Carry shoes, sunscreen and water in a day pack – Hierapolis is dry, hot and dusty.
When to visit Pamukkale.
Spring April to Mid June is a good time. Summer would be very hot. Autumn is also good. It is when we were there. Keep in mind that Cleopatra Antique Pool is only open in Summer (April 15th to October 3rd). If you want to access this pool in Autumn, then arrive just prior to October 3rd.
The slopes do have a reputation for being over-crowded and I admit that when I first looked up at the line of people trudging up the slope my heart sank. It looked like peak season on Mt. Everest. I had doubts. But this can easily be overcome by starting later in the day or early in the morning.
Looking down from the Travertines to the town.
A popular place for wedding photos.
Over the two days I photographed many leaves caught on the rough surface. This leaf is underwater – that is how clear the water is.
Understandably shoes can’t be worn on the travertine which is quite often rough and or slippery – hence the look of concentration in the photo below.
The next day these pools would be full to overflowing.
You can see more of my Favourite Turkish Photos here.

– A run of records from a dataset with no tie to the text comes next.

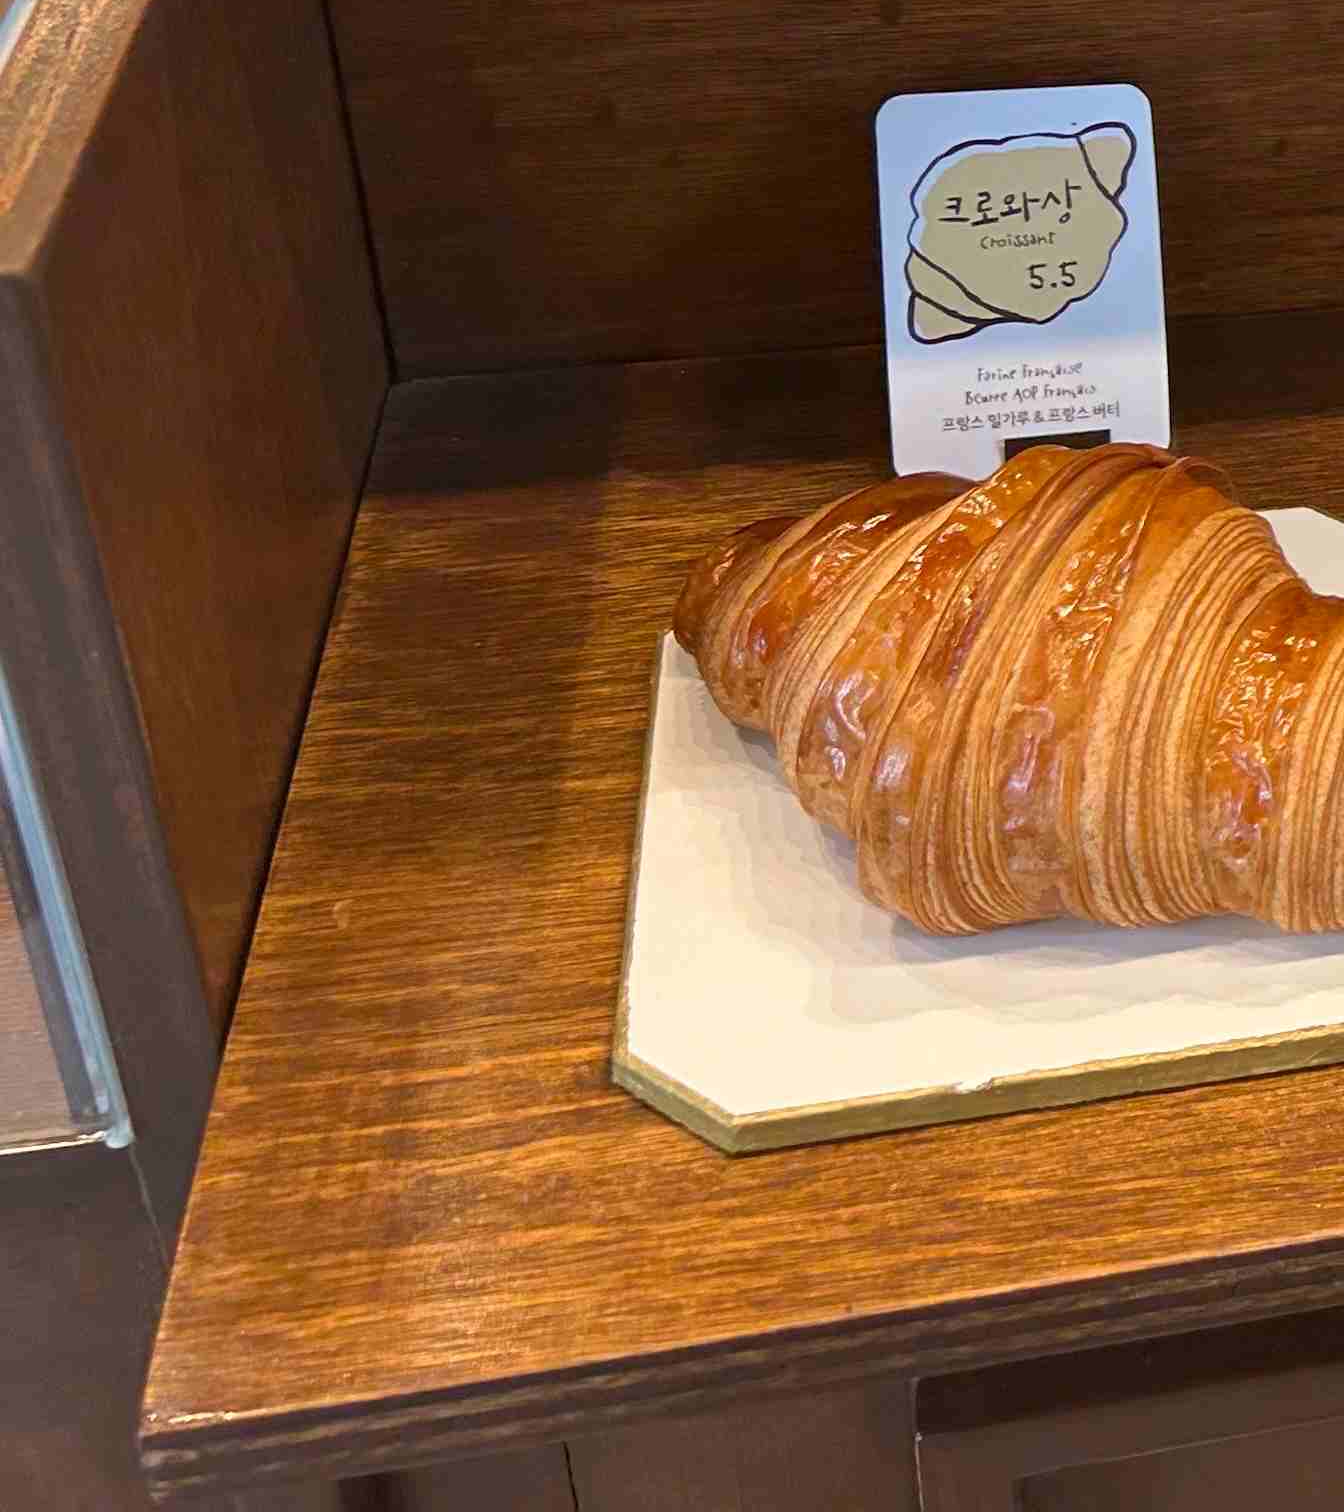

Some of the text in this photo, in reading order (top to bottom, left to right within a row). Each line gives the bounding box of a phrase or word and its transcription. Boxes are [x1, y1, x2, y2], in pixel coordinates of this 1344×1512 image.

[938, 178, 1083, 228] 크로와상
[1026, 261, 1078, 289] 5.5
[941, 414, 985, 433] 프랑스
[986, 410, 1030, 432] 밀가루
[1047, 403, 1091, 426] 프랑스
[1092, 399, 1123, 420] 버터

Our two experiences were quite different. The first day was special because of the time of day, the anticipation, the sunset and the uniqueness of the travertines of course. On the second day the sun was even brighter and the reflected glare made us thankful for our sunglasses. More water was released and it gushed everywhere – pools that were dry the day before slowly filled and overflowed – waterfalls formed and the travertines were transformed. The sudden influx of water made the ascent even more exciting.
All of the above photos were taken on the first afternoon. I will share those from the second day including the ruins of Heirapolis at another time.
Budget Travel Tip
When we visited the travertines did not close. Outside of ticket booth hours they were free to access. I do not recommend doing so but if you try going after dark most definitely take a torch – falling could be deadly. Although the surface is mostly rough there are places where it is very slippery.

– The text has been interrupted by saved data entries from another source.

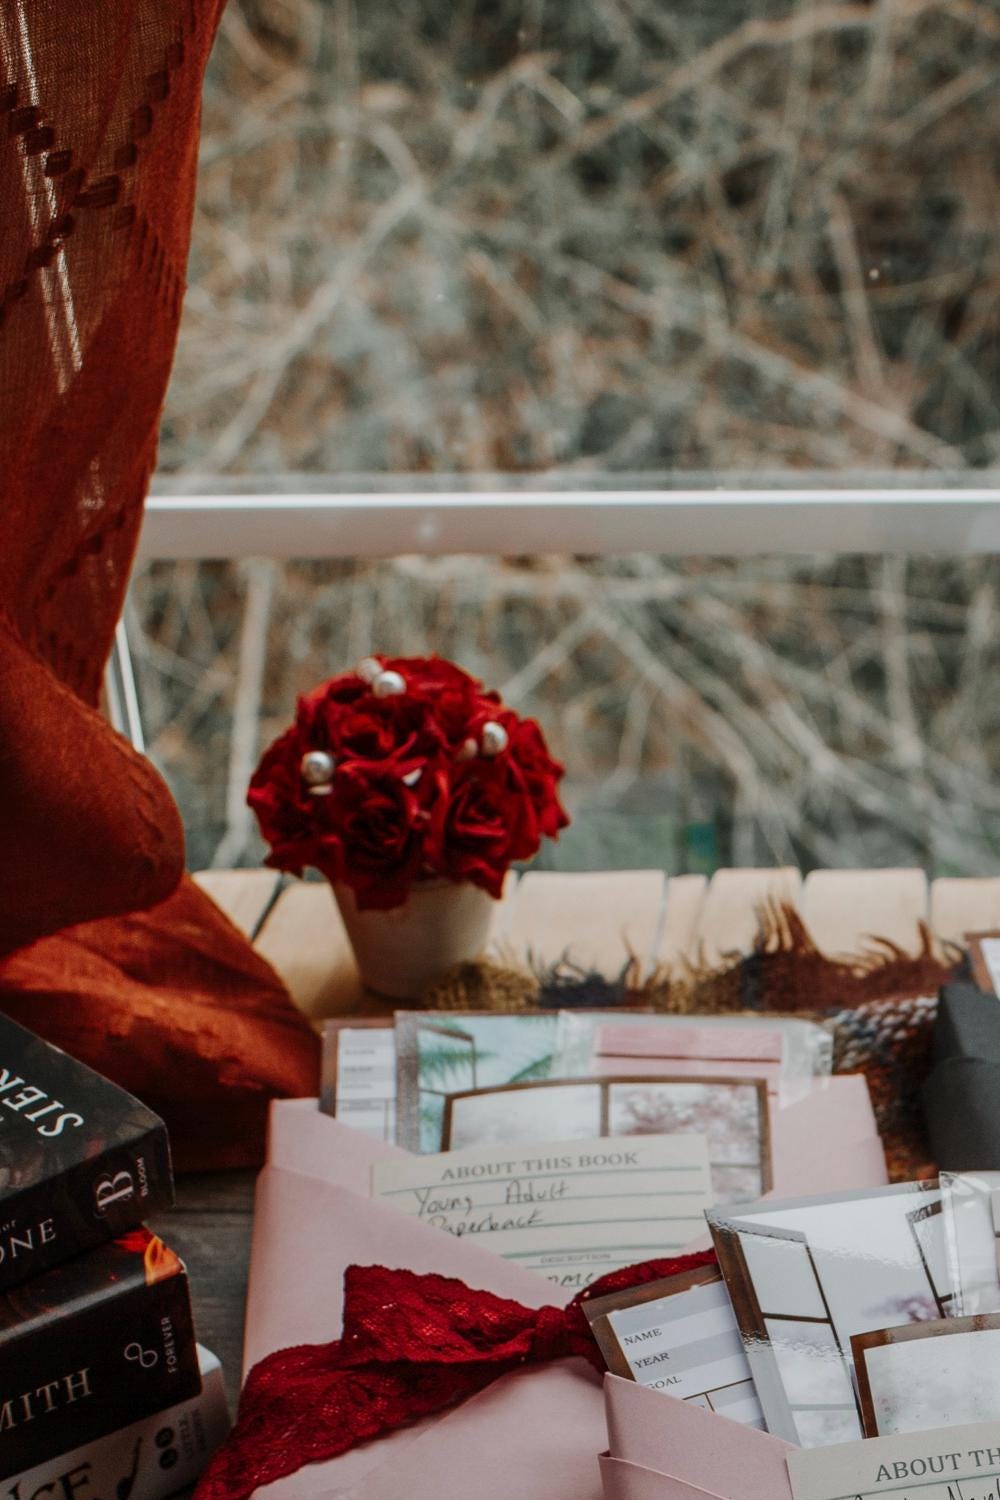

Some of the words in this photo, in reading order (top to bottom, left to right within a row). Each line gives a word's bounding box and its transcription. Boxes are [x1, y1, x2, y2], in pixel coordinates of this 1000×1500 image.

[441, 1161, 517, 1181] ABOUT
[522, 1156, 573, 1171] THIS
[579, 1152, 639, 1168] BOOK
[414, 1188, 472, 1217] Young
[506, 1179, 569, 1205] Adult
[160, 1316, 178, 1374] FOREVER
[624, 1328, 662, 1345] NAME
[634, 1352, 670, 1369] YEAR
[875, 1453, 962, 1482] ABOUT

Pamukkale Entrance Fee and Hierapolis Entrance Fee
The entrance fee of 35 tl includes entrance to the ruins of Hierapolis at the summit. Hierapolis is an impressive destination in it’s own right so this is superb value.
Children under 18 are free.
Pamukkale Opening Hours
- Summer – April 15th to October 2nd – 0800 to 2100 hours
- Rest of the Year – October 3rd to April 14th – 0830 to 1700 hours
Pamukkale Cleoptra’s Pool
Cleopatra’s Pool Hierapolis
Surely the ultimate thermal pool, it’s warm mineral rich waters are said to heal skin diseases, circulatory problems, rheumatism and help symptoms of heart disease. A booming health centre during Roman Times, Cleopatra herself bathed in an earlier pool on the exact site supposedly gifted to her from Marc Anthony.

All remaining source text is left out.